» REQUIRED ACTION
Will you output all of the data below exactly, omitting the images?

[Referring expression grounding data]
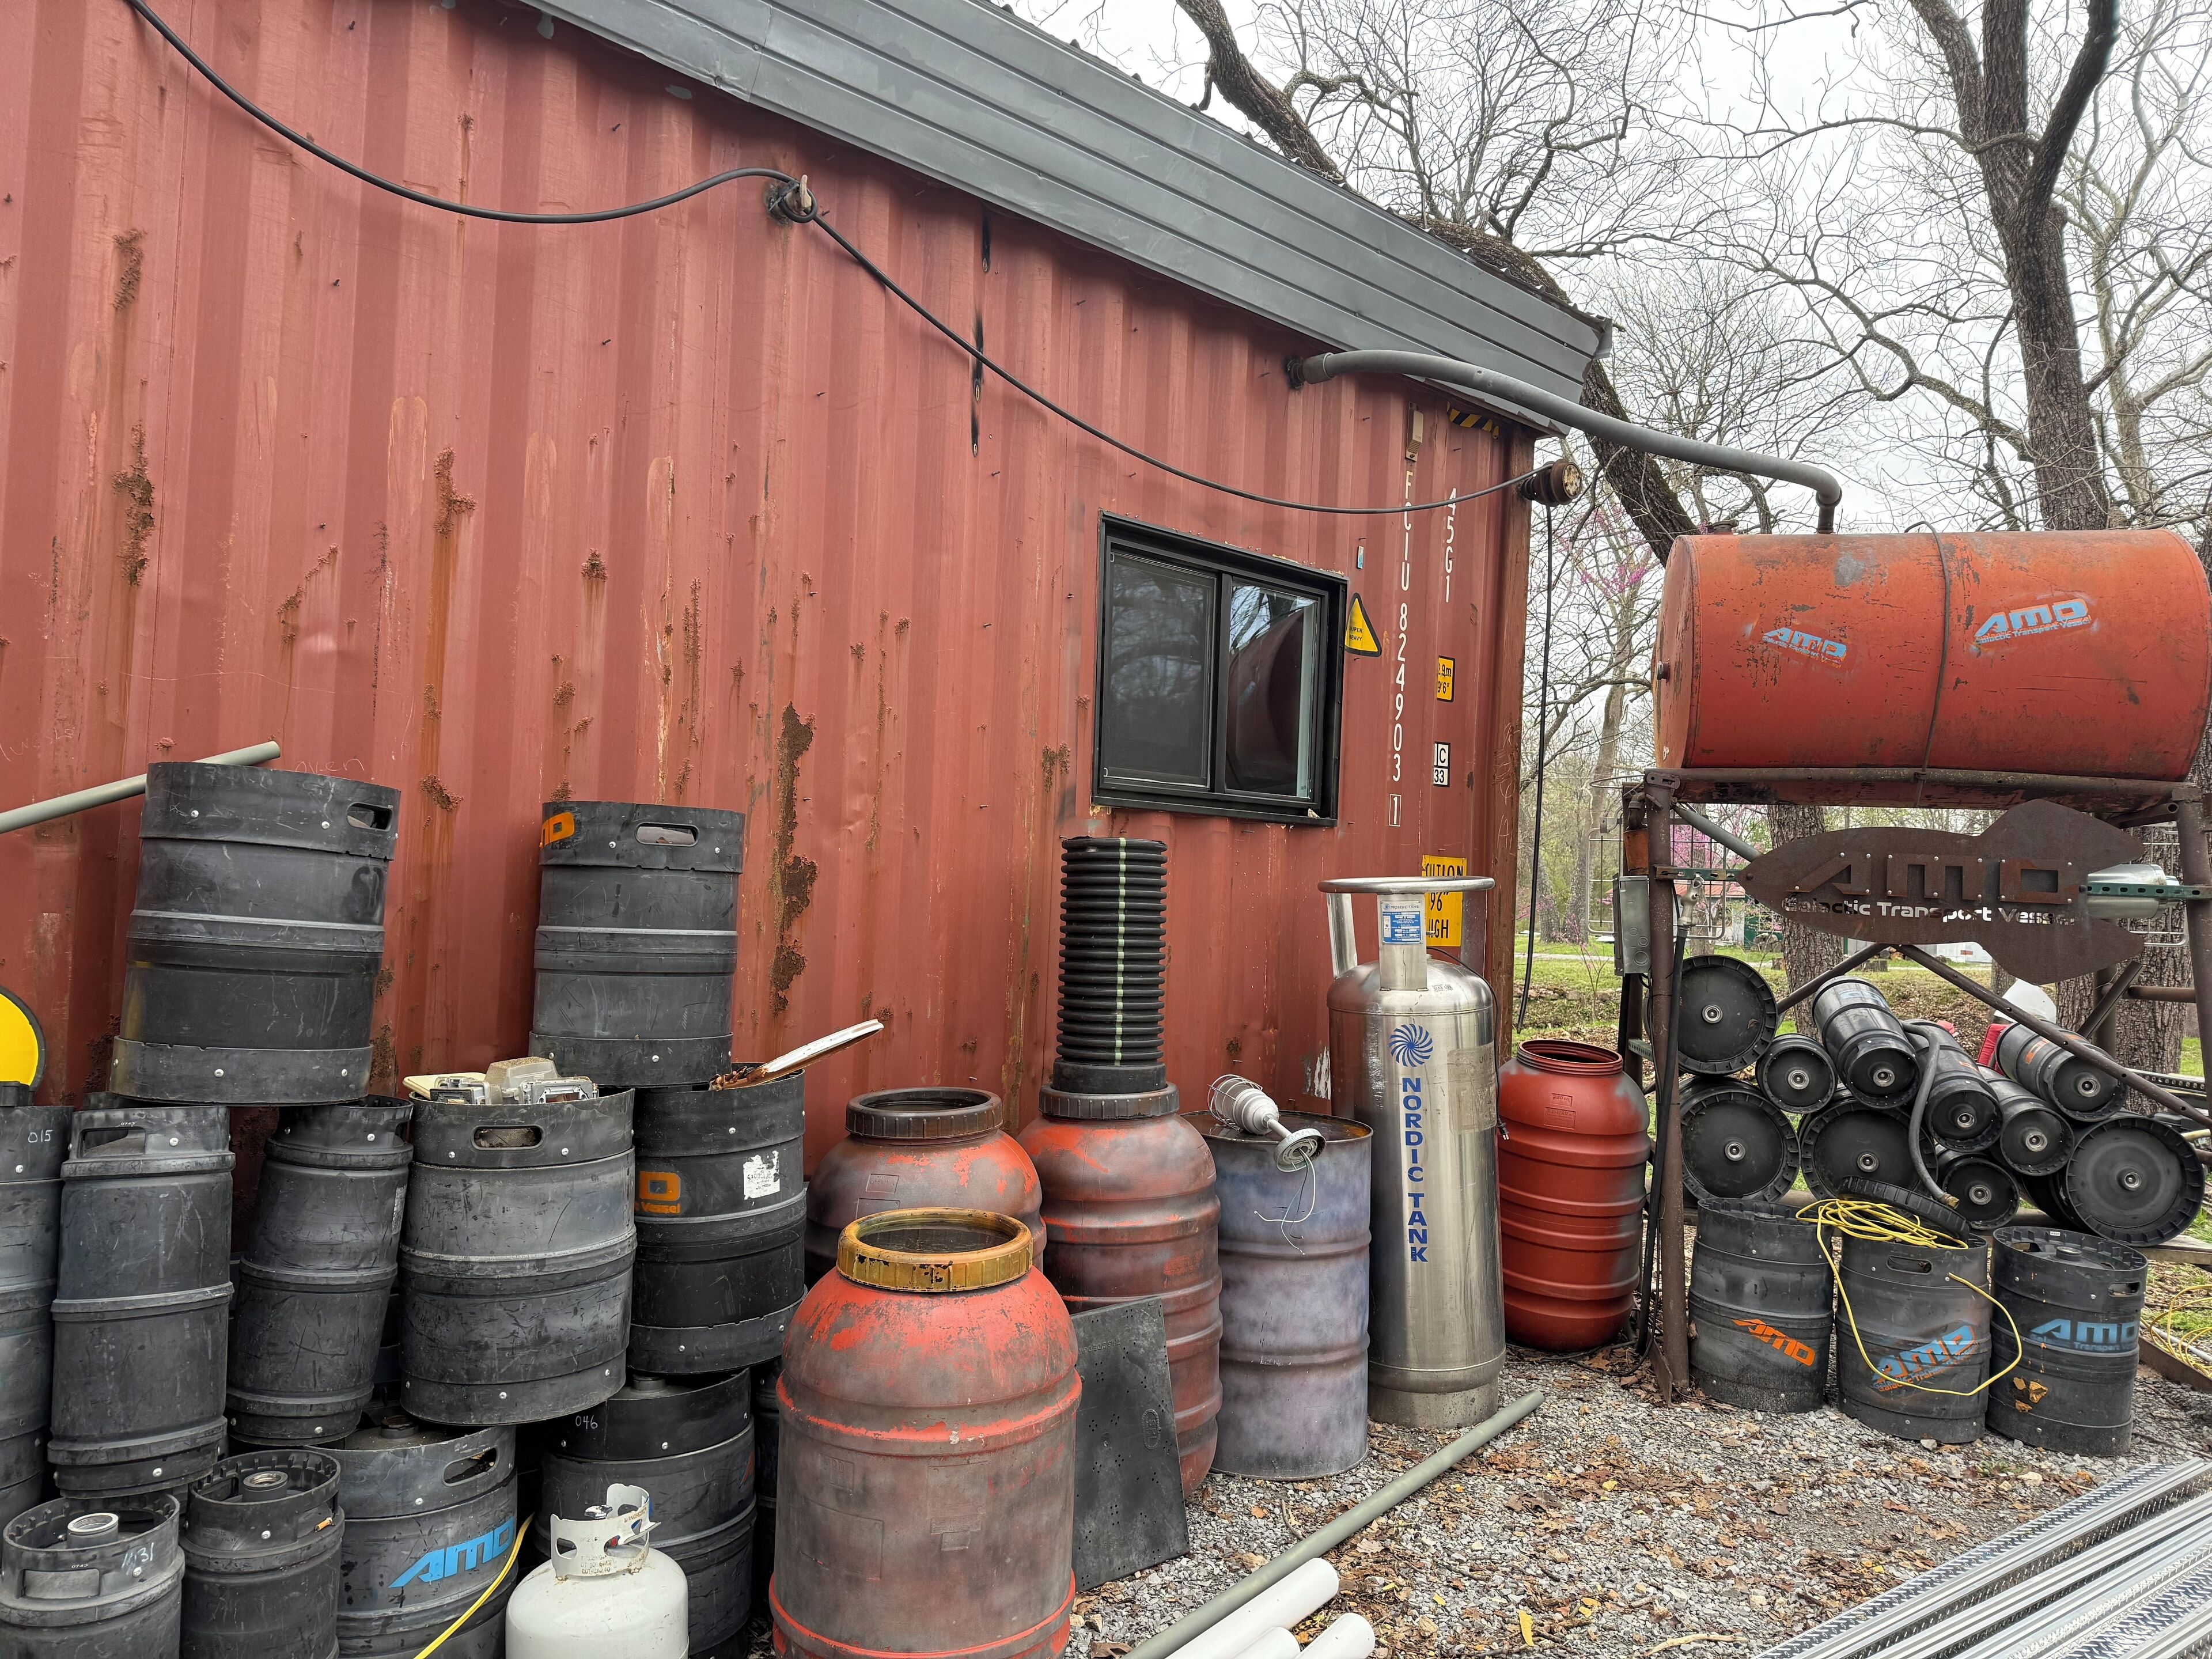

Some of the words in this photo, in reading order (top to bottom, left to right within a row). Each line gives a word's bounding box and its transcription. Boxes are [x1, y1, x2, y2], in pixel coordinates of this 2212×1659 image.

[1401, 470, 1414, 592] FCIU
[1445, 488, 1457, 603] 45G1
[1392, 603, 1408, 782] 824903
[1434, 769, 1445, 783] 33
[1782, 897, 1870, 915] Galactic
[1877, 902, 1992, 923] Transport
[28, 1129, 52, 1143] 015
[1402, 1077, 1423, 1182] NORDIC
[1407, 1192, 1429, 1263] TANK
[575, 1414, 598, 1430] 046
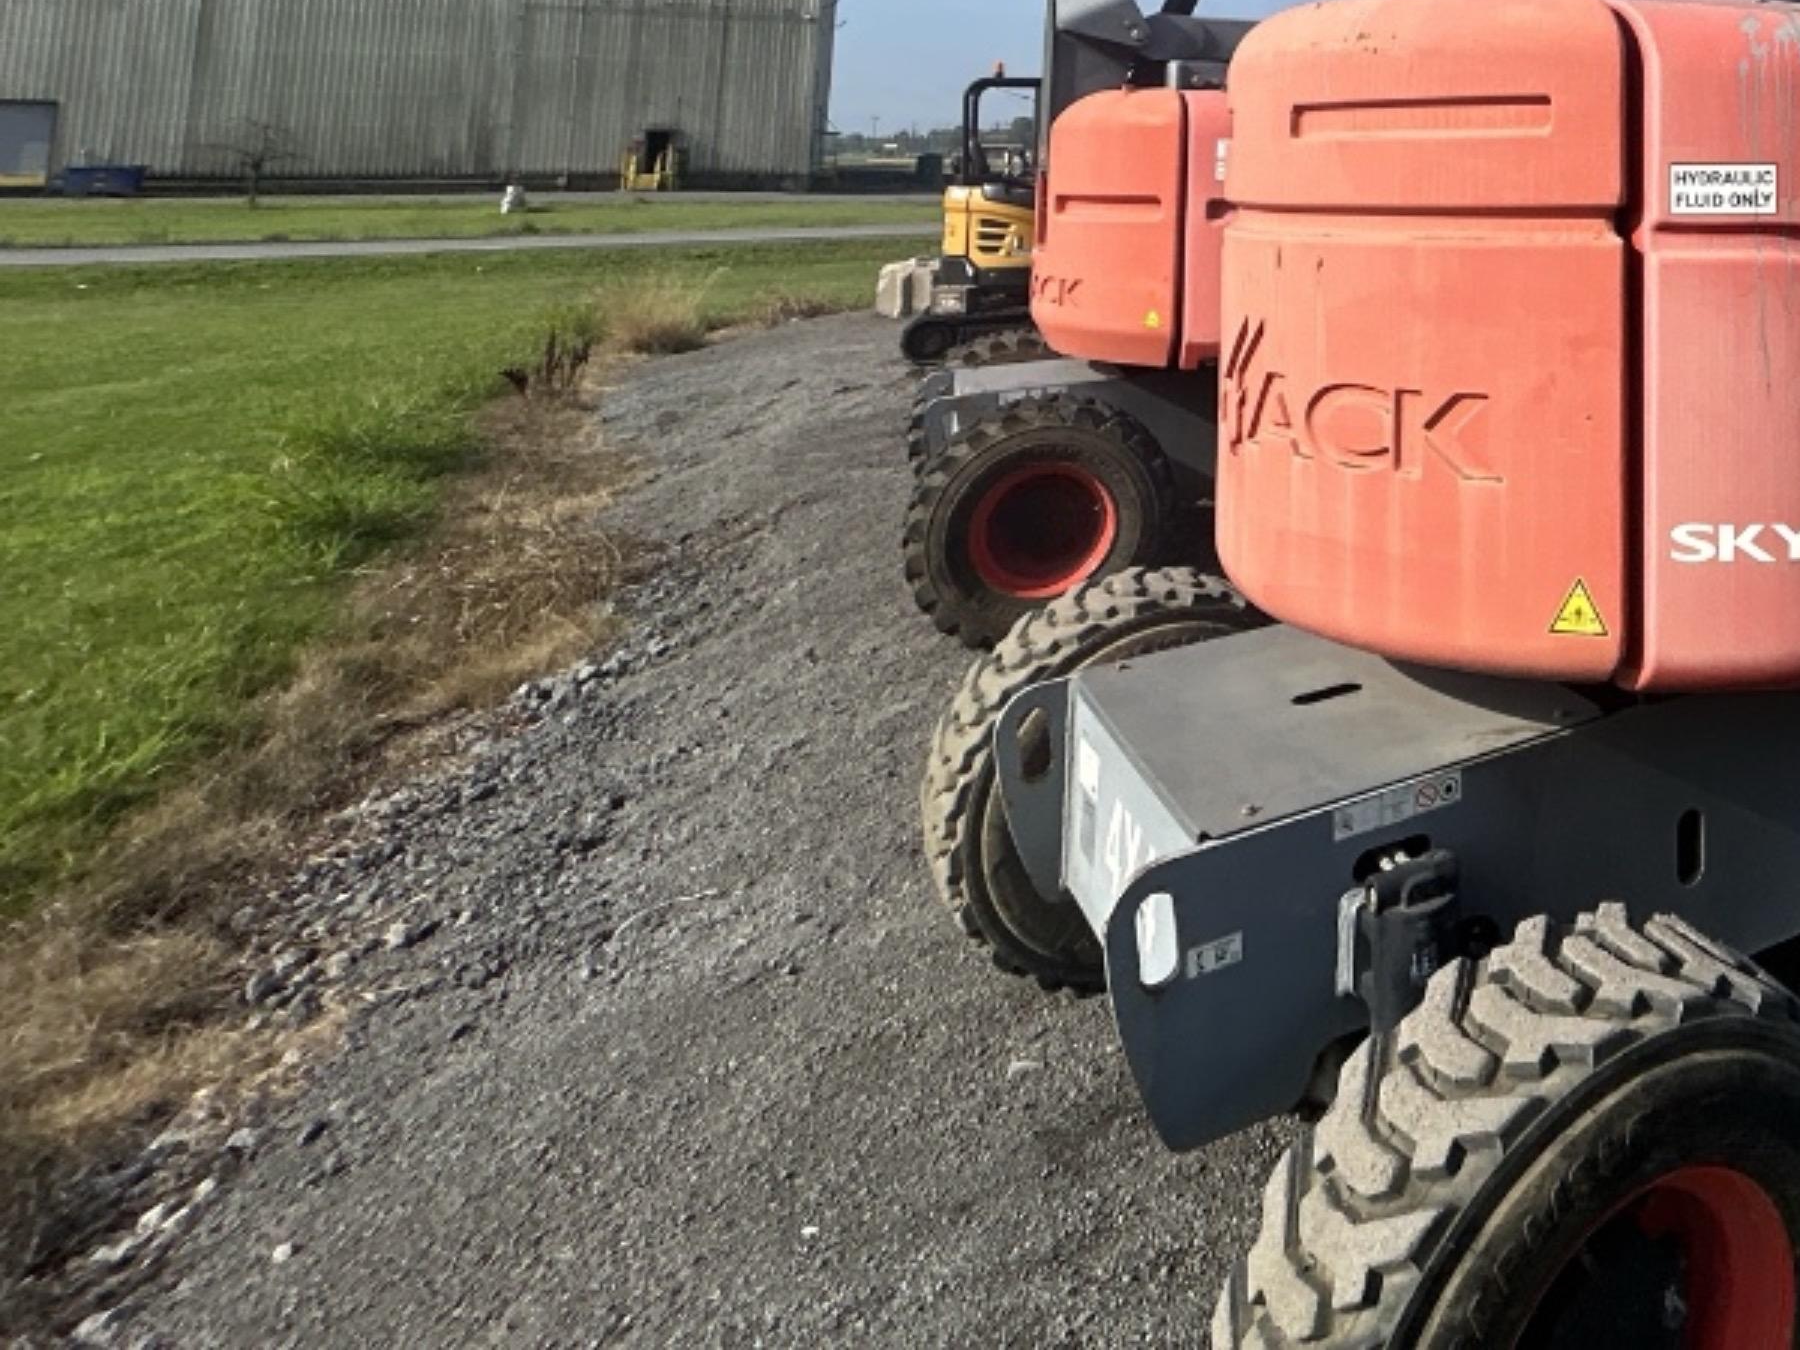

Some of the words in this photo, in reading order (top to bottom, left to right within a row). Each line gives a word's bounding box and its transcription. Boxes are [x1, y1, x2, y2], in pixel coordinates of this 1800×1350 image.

» RESULT BELOW
Some of the words in this photo, in reading order (top to bottom, left to right within a row). Each line gives a word's bounding box and its transcription. Boxes are [x1, y1, x2, y2], in pixel coordinates of this 2212×1659 image.

[1401, 470, 1414, 592] FCIU
[1445, 488, 1457, 603] 45G1
[1392, 603, 1408, 782] 824903
[1434, 769, 1445, 783] 33
[1782, 897, 1870, 915] Galactic
[1877, 902, 1992, 923] Transport
[28, 1129, 52, 1143] 015
[1402, 1077, 1423, 1182] NORDIC
[1407, 1192, 1429, 1263] TANK
[575, 1414, 598, 1430] 046

Some of the words in this photo, in reading order (top to bottom, left to right within a row). Each line gives a word's bounding box and its transcription. Boxes are [x1, y1, x2, y2], in pixel coordinates of this 1800×1350 image.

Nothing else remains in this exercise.